Activity -
When you copy the entries, match them exactly and omit the pictures.

[Opening Data under study section]

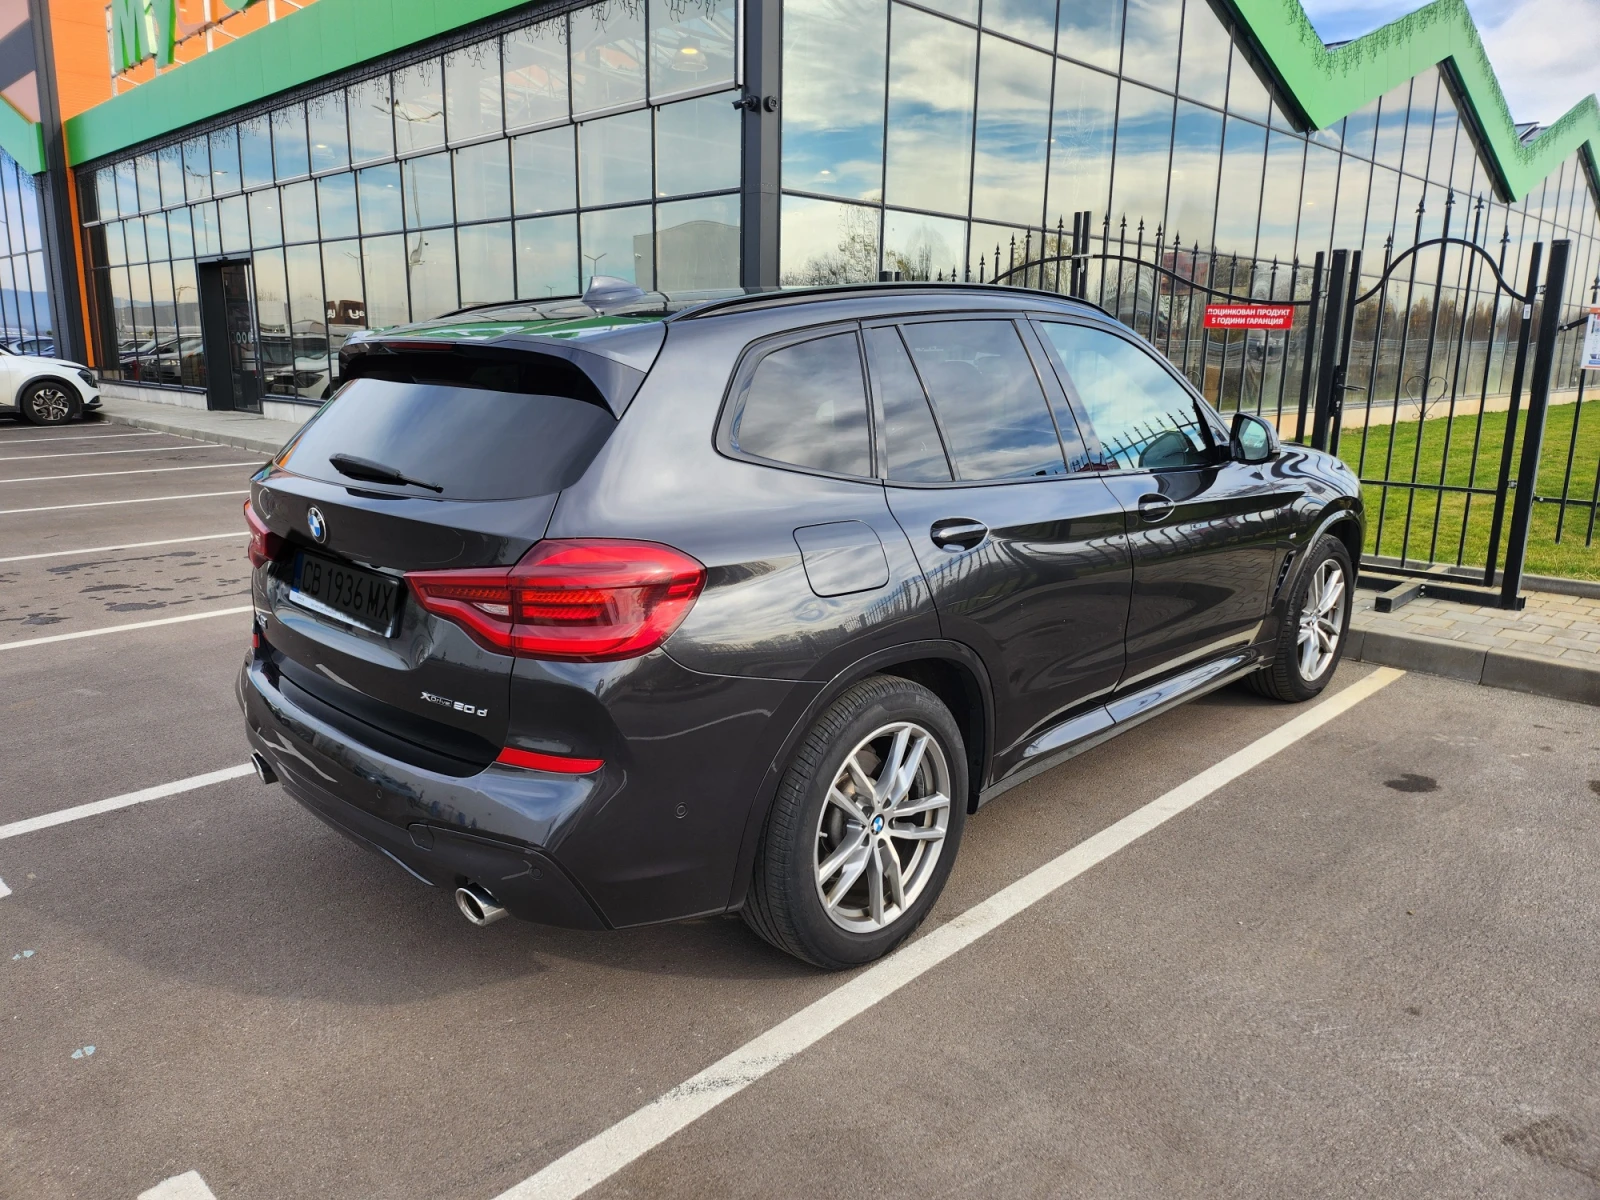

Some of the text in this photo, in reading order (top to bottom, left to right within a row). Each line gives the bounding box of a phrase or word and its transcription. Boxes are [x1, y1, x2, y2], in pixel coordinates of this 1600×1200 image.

[1207, 308, 1291, 316] ПОЦИНКОВАН ПРОДУКТ
[1216, 317, 1246, 325] ГОДИНИ
[1246, 317, 1284, 326] ГАРАНЦИЯ
[302, 560, 322, 596] CB
[326, 567, 364, 611] 1936
[366, 580, 394, 621] MX

[Closing Data under study section]

Solution -
Some of the text in this photo, in reading order (top to bottom, left to right within a row). Each line gives the bounding box of a phrase or word and its transcription. Boxes are [x1, y1, x2, y2], in pixel coordinates of this 1600×1200 image.

[1207, 308, 1291, 316] ПОЦИНКОВАН ПРОДУКТ
[1216, 317, 1246, 325] ГОДИНИ
[1246, 317, 1284, 326] ГАРАНЦИЯ
[302, 560, 322, 596] CB
[326, 567, 364, 611] 1936
[366, 580, 394, 621] MX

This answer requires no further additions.